/---

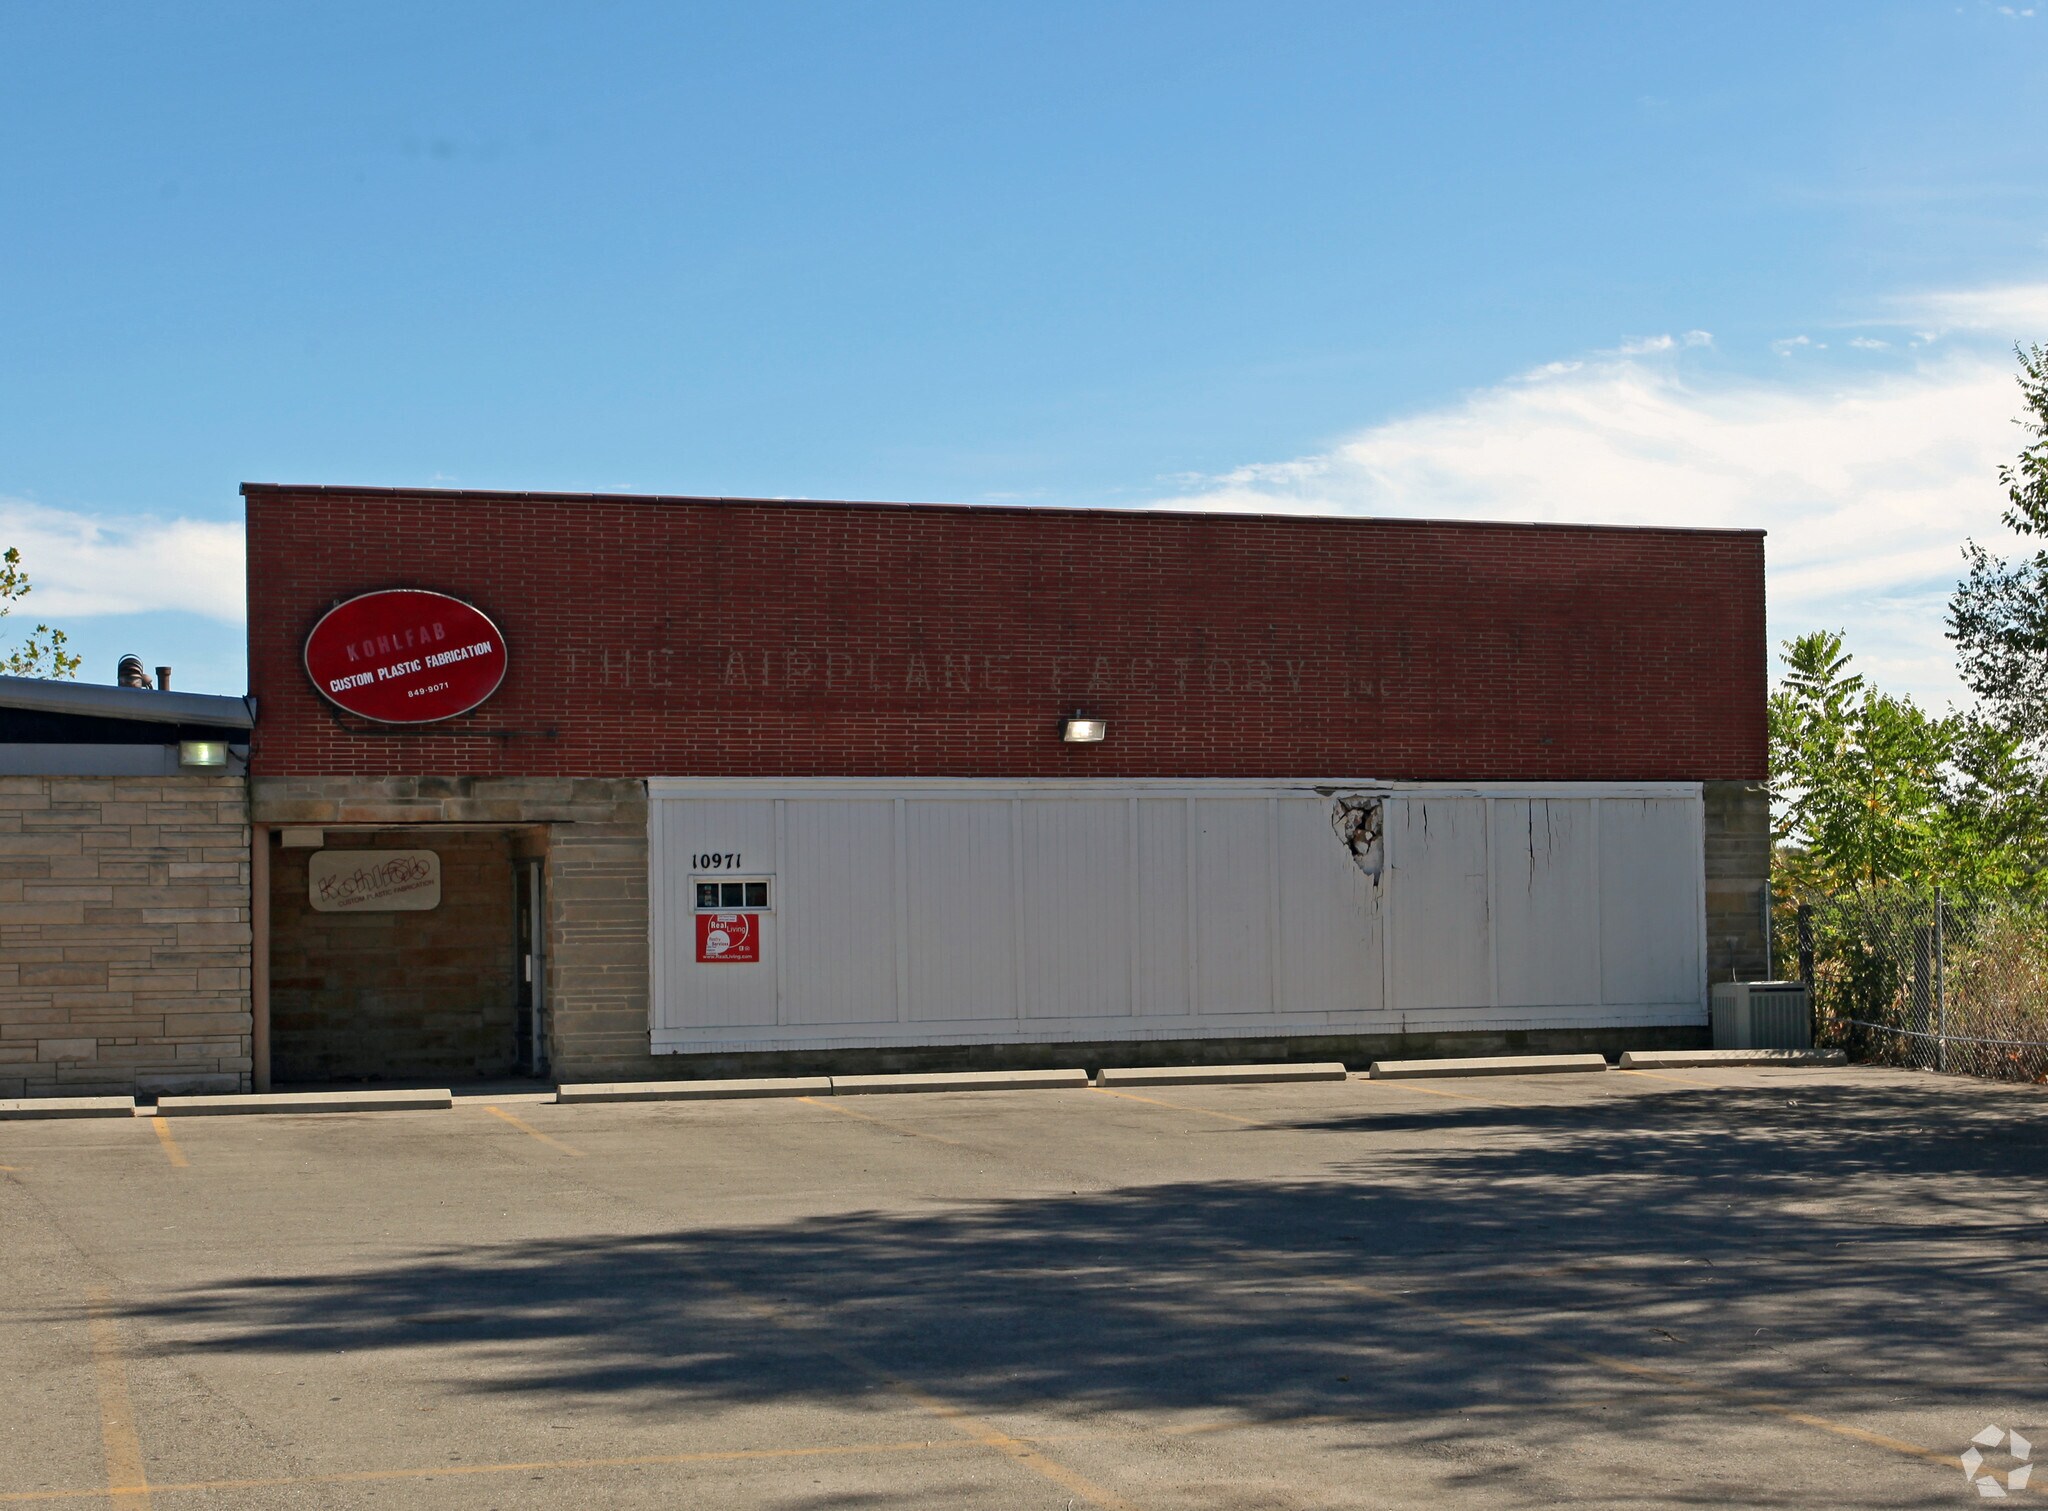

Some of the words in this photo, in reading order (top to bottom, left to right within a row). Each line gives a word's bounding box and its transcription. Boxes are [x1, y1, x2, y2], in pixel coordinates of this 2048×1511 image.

[346, 622, 446, 662] KOHLFAB
[329, 671, 374, 693] CUSTOM
[377, 659, 422, 681] PLASTIC
[425, 641, 493, 669] FABRICATION
[1051, 656, 1305, 695] FACTORY
[692, 853, 742, 870] 10971
[337, 896, 365, 908] CUSTOM
[366, 889, 393, 900] PLASTIC
[393, 879, 435, 893] FABRICATION
[710, 921, 727, 929] Real
[726, 925, 746, 934] Living

\---

Task directions:
Retype all of the listing above exactly, but keep its pictures out.

Answer to the exercise:
Some of the words in this photo, in reading order (top to bottom, left to right within a row). Each line gives a word's bounding box and its transcription. Boxes are [x1, y1, x2, y2], in pixel coordinates of this 2048×1511 image.

[346, 622, 446, 662] KOHLFAB
[329, 671, 374, 693] CUSTOM
[377, 659, 422, 681] PLASTIC
[425, 641, 493, 669] FABRICATION
[1051, 656, 1305, 695] FACTORY
[692, 853, 742, 870] 10971
[337, 896, 365, 908] CUSTOM
[366, 889, 393, 900] PLASTIC
[393, 879, 435, 893] FABRICATION
[710, 921, 727, 929] Real
[726, 925, 746, 934] Living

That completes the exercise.